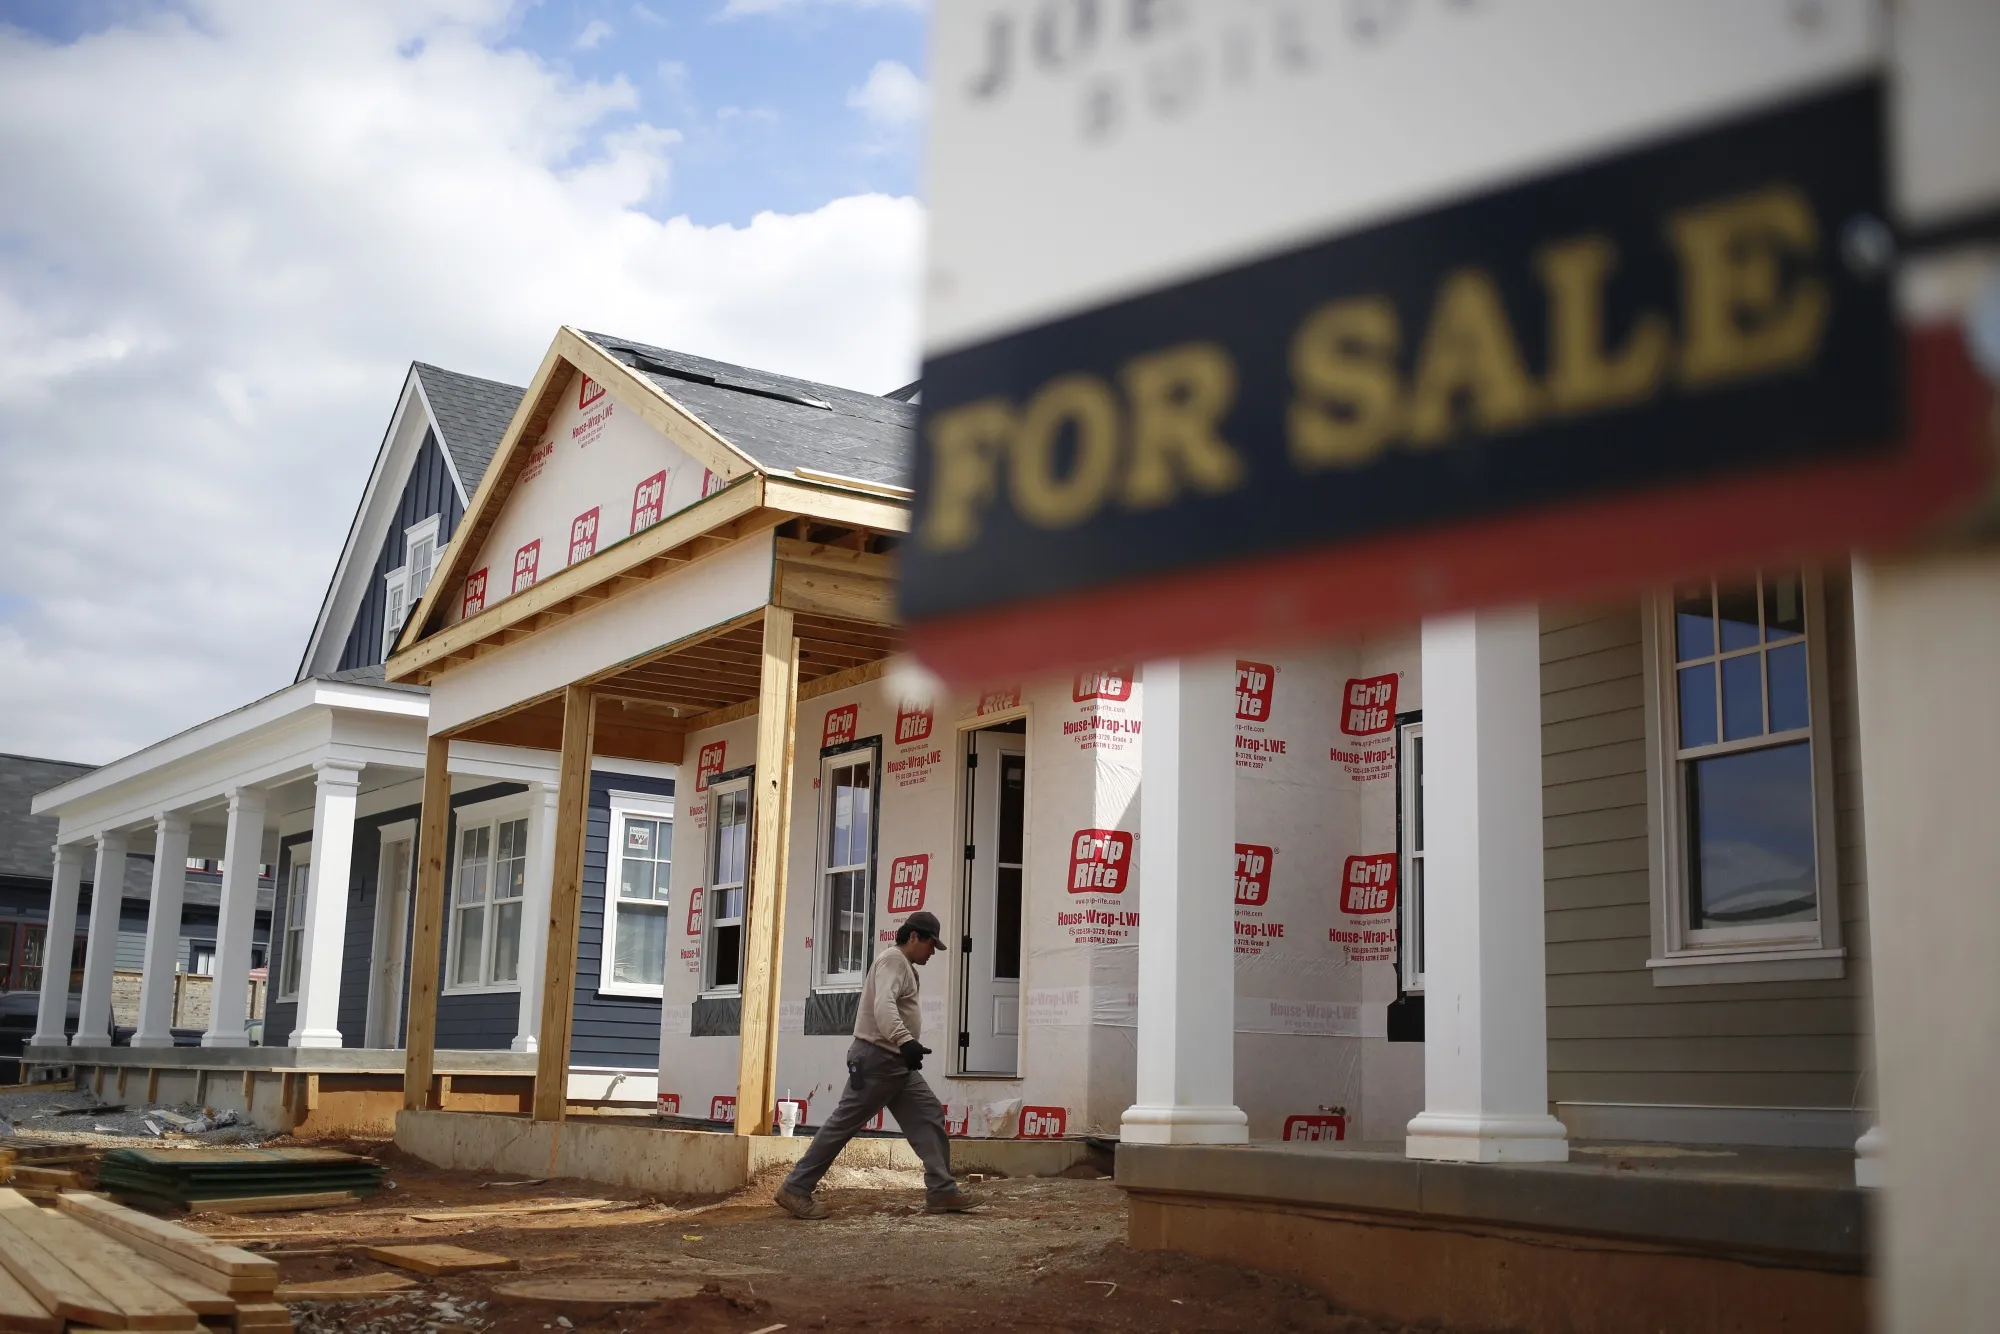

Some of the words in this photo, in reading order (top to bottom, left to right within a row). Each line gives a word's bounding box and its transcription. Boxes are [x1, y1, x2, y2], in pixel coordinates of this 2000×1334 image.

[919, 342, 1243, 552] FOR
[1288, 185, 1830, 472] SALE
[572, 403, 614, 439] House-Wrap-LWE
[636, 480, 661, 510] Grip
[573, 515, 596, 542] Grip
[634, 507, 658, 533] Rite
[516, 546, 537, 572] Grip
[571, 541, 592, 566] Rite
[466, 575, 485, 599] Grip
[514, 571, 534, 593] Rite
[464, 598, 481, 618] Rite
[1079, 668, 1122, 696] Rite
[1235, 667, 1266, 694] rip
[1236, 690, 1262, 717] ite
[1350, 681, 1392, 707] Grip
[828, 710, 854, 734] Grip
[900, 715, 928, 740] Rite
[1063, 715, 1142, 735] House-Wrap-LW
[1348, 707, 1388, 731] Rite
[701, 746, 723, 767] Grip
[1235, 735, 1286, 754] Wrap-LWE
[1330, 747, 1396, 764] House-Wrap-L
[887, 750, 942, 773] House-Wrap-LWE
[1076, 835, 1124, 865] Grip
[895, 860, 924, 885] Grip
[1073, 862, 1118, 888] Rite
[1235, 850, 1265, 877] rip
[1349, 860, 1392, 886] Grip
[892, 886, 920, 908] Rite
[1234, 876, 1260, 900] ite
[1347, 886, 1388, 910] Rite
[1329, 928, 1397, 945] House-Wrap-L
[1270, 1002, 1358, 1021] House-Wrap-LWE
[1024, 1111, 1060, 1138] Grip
◆ ◆ ◆
### TASK DESCRIPTION
Reproduce the full material exactly, excluding the pictures.

### REPLY
Some of the words in this photo, in reading order (top to bottom, left to right within a row). Each line gives a word's bounding box and its transcription. Boxes are [x1, y1, x2, y2], in pixel coordinates of this 2000×1334 image.

[919, 342, 1243, 552] FOR
[1288, 185, 1830, 472] SALE
[572, 403, 614, 439] House-Wrap-LWE
[636, 480, 661, 510] Grip
[573, 515, 596, 542] Grip
[634, 507, 658, 533] Rite
[516, 546, 537, 572] Grip
[571, 541, 592, 566] Rite
[466, 575, 485, 599] Grip
[514, 571, 534, 593] Rite
[464, 598, 481, 618] Rite
[1079, 668, 1122, 696] Rite
[1235, 667, 1266, 694] rip
[1236, 690, 1262, 717] ite
[1350, 681, 1392, 707] Grip
[828, 710, 854, 734] Grip
[900, 715, 928, 740] Rite
[1063, 715, 1142, 735] House-Wrap-LW
[1348, 707, 1388, 731] Rite
[701, 746, 723, 767] Grip
[1235, 735, 1286, 754] Wrap-LWE
[1330, 747, 1396, 764] House-Wrap-L
[887, 750, 942, 773] House-Wrap-LWE
[1076, 835, 1124, 865] Grip
[895, 860, 924, 885] Grip
[1073, 862, 1118, 888] Rite
[1235, 850, 1265, 877] rip
[1349, 860, 1392, 886] Grip
[892, 886, 920, 908] Rite
[1234, 876, 1260, 900] ite
[1347, 886, 1388, 910] Rite
[1329, 928, 1397, 945] House-Wrap-L
[1270, 1002, 1358, 1021] House-Wrap-LWE
[1024, 1111, 1060, 1138] Grip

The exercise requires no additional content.